The orthodox account was, for example, unable to explain why a number of European nations, such as Denmark, the Netherlands and Norway, displayed economic success despite their relatively highly regulated labour markets.

In their own Impact Assessment of the proposal to extend the qualifying period for unfair dismissal from one to two years the government struggled to demonstrate any causal link between unfair dismissal protection and job creation. In fact when the qualifying period was reduced to one year in 1999 unemployment dropped dramatically.

Few would argue a causal link at that time and nor should they now.

Taking the Raab proposals one at a time only one of them makes any economic or industrial sense. That one is greater use of alternative dispute resolution. Few would argue with that as a stand-alone proposal. Indeed it is what trade unions and ACAS do all the time. The rest are off the wall.

Excluding start ups and micro businesses from paying the National Minimum Wage (NMW) to those under 21, from the flexible work regulations, from the right to request time off for training and from pension auto-enrolment are the most offensive of Raab’s proposals.

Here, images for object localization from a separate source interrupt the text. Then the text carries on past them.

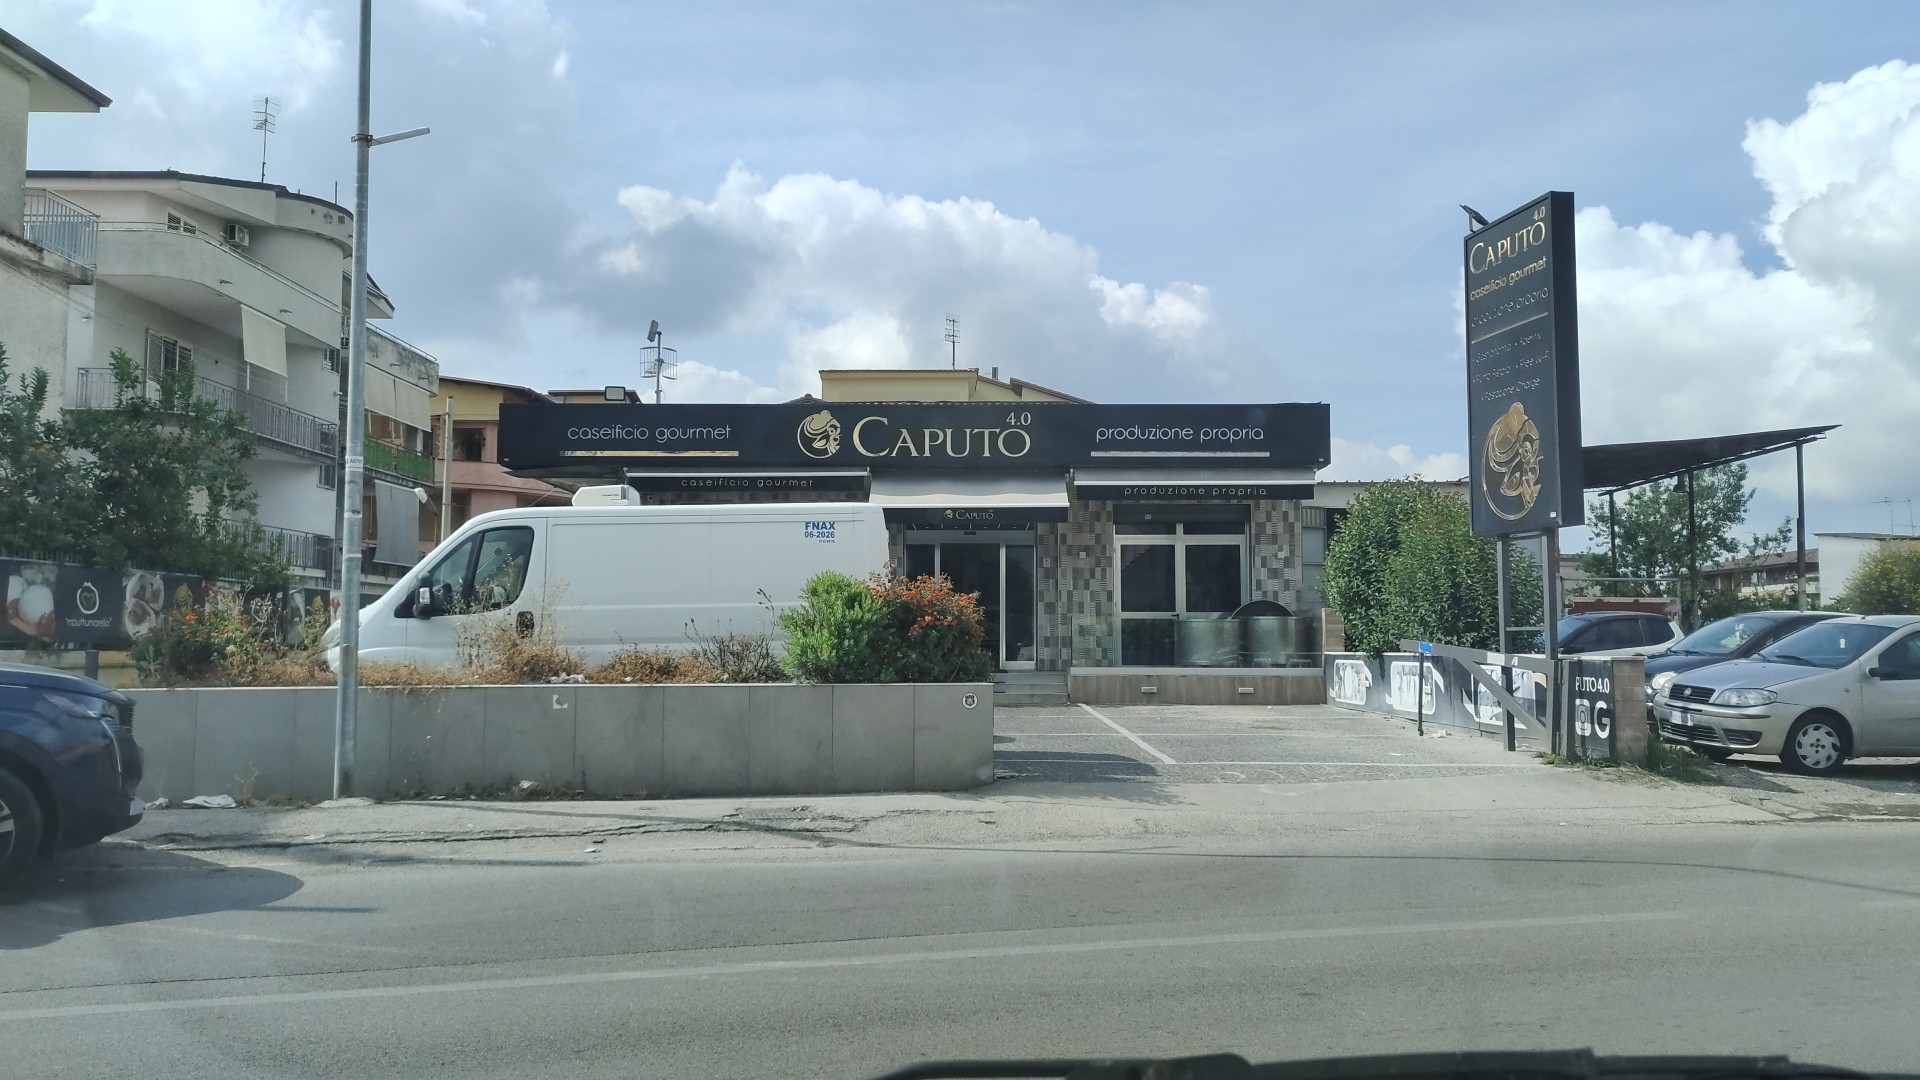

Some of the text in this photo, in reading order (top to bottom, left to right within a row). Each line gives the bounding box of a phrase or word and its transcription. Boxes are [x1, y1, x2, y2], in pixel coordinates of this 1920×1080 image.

[1533, 206, 1546, 221] 4.0
[1469, 221, 1546, 275] CAPUTO
[1470, 255, 1547, 301] caseificio gourmet
[1005, 411, 1032, 426] 4.0
[568, 424, 732, 444] caseificio gourmet
[852, 416, 1031, 458] CAPUTO
[1096, 424, 1264, 444] produzione propria
[681, 477, 814, 488] caseificio gourmet
[1124, 486, 1267, 497] produzione propria
[955, 509, 994, 520] CAPUTO
[804, 521, 836, 531] FNAX
[804, 530, 836, 539] 06-2026

When the NMW was introduced the CBI and others said that it would put many small and medium enterprises (SMEs) out of business. In fact they proliferated shortly after its introduction and many realised that having a basic floor for wages prevented a race to the bottom, undercutting and a cost to the Government where very low wages meant subsidies in terms of tax allowances and welfare top ups.

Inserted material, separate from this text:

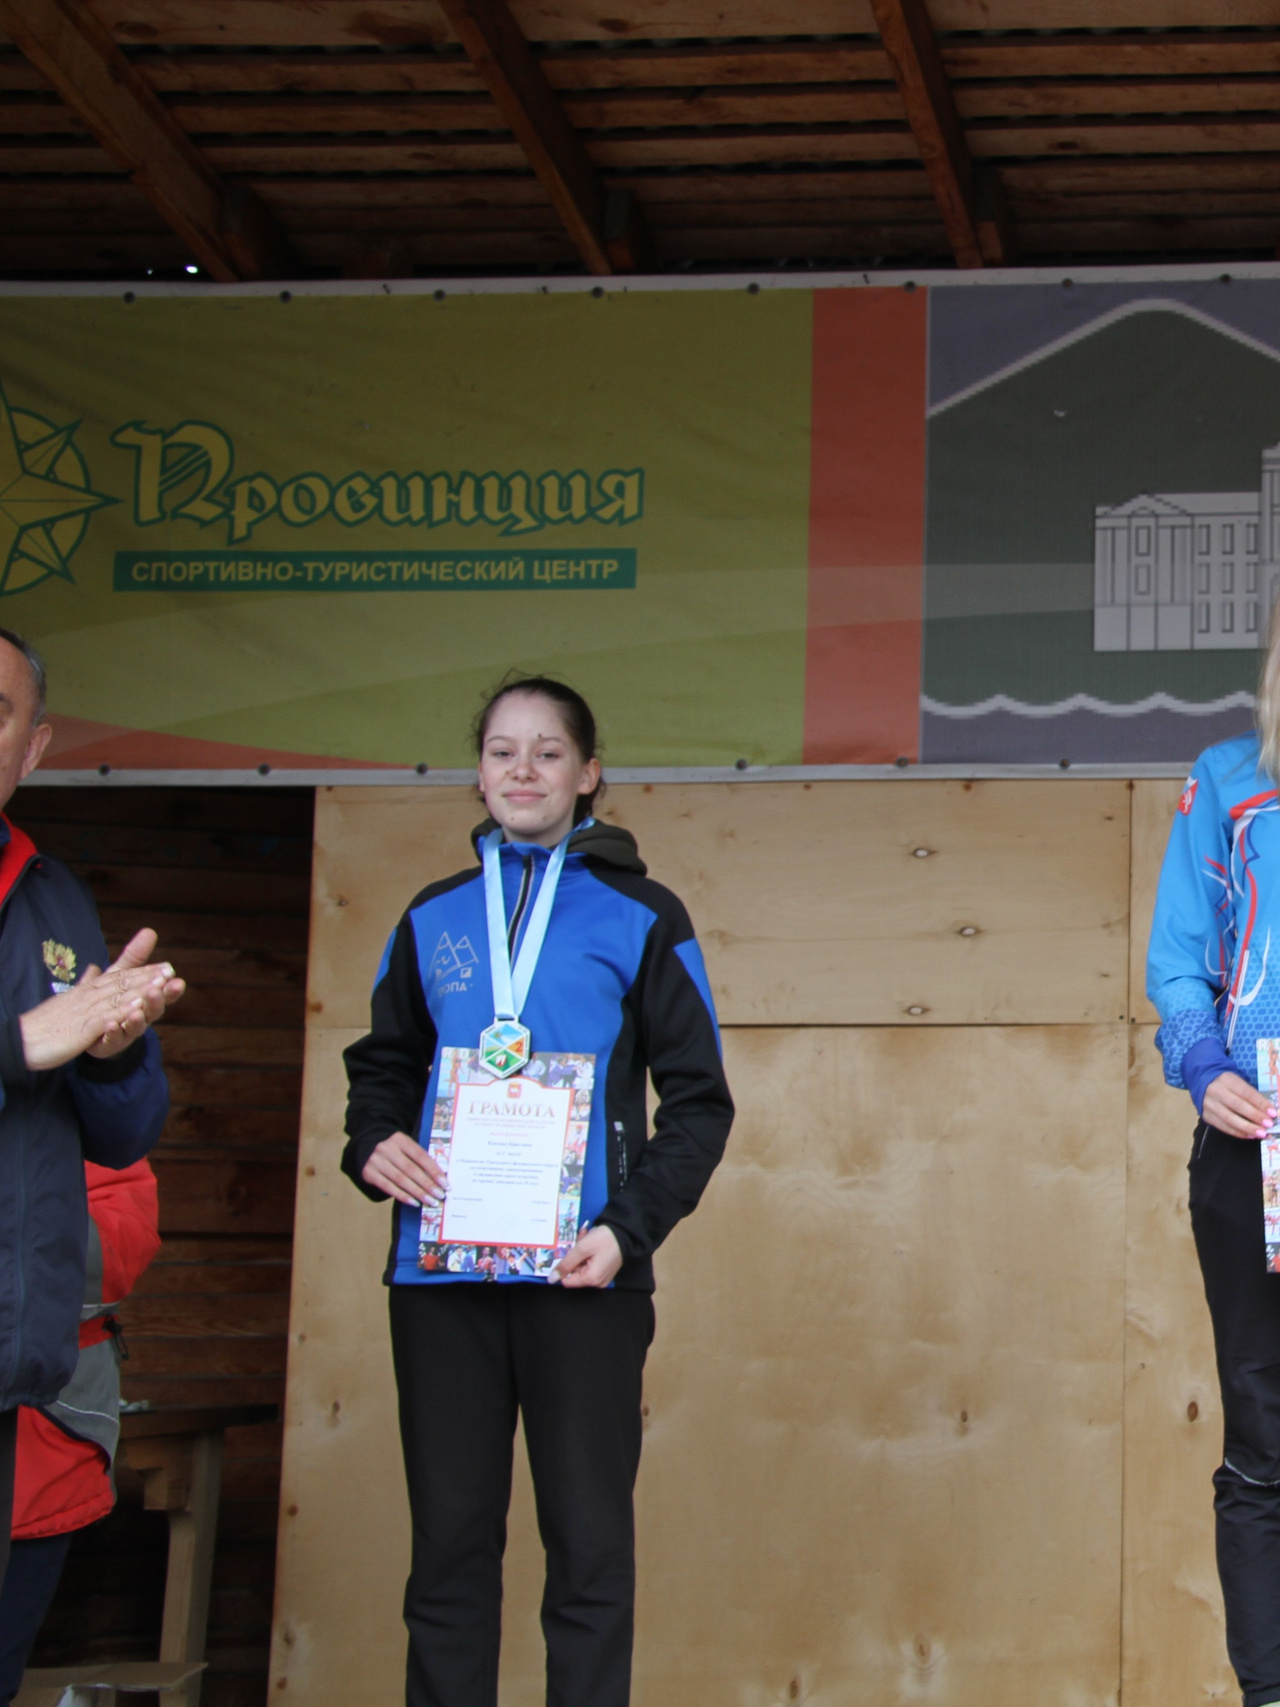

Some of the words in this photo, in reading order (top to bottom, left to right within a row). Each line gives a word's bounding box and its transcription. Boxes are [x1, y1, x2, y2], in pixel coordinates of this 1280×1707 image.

[110, 419, 645, 547] Провинция
[131, 556, 525, 583] СПОРТИВНО-ТУРИСТИЧЕСКИЙ
[532, 558, 619, 585] ЦЕНТР
[468, 1100, 556, 1119] ГРАМОТА

The Low Pay Commission, which has business and union support, endeavours to set the NMW each year at the highest rate that can be sustained without affecting jobs – and its comprehensive research has yet to find any employment impacts of the NMW’s introduction.

Flexible working benefits SMEs and many practice it without any disadvantages – some are better than large companies as they do not need to devise systems for managing it.

There is already an exemption from the right to request training for businesses with fewer than ten employees. Ensuring that all employees auto enrol for pensions ensures a basic level of financial support for all retired people, which is good for the economy.

His next proposal, to introduce no-fault dismissal for under-performing employees is what Beecroft was proposing as a replacement for unfair dismissal protection.

This would leave it entirely at the employer’s discretion to decide whether or not someone was under performing, with no system for reviewing the problem, putting in measures for improving the person, taking account of illness or the contribution of poor management to the poor performance. You cannot seriously propose to have an employment system based on hire and fire at will.

His proposal to strengthen the power of Employment Tribunals to strike out  and deter vexatious and spurious claims is redundant as they already have those powers, and use them. Installing a qualified registrar to pre-vet tribunal claims is a variation on the old Labour proposal to install legal officers in the tribunals to handle pre-hearing issues.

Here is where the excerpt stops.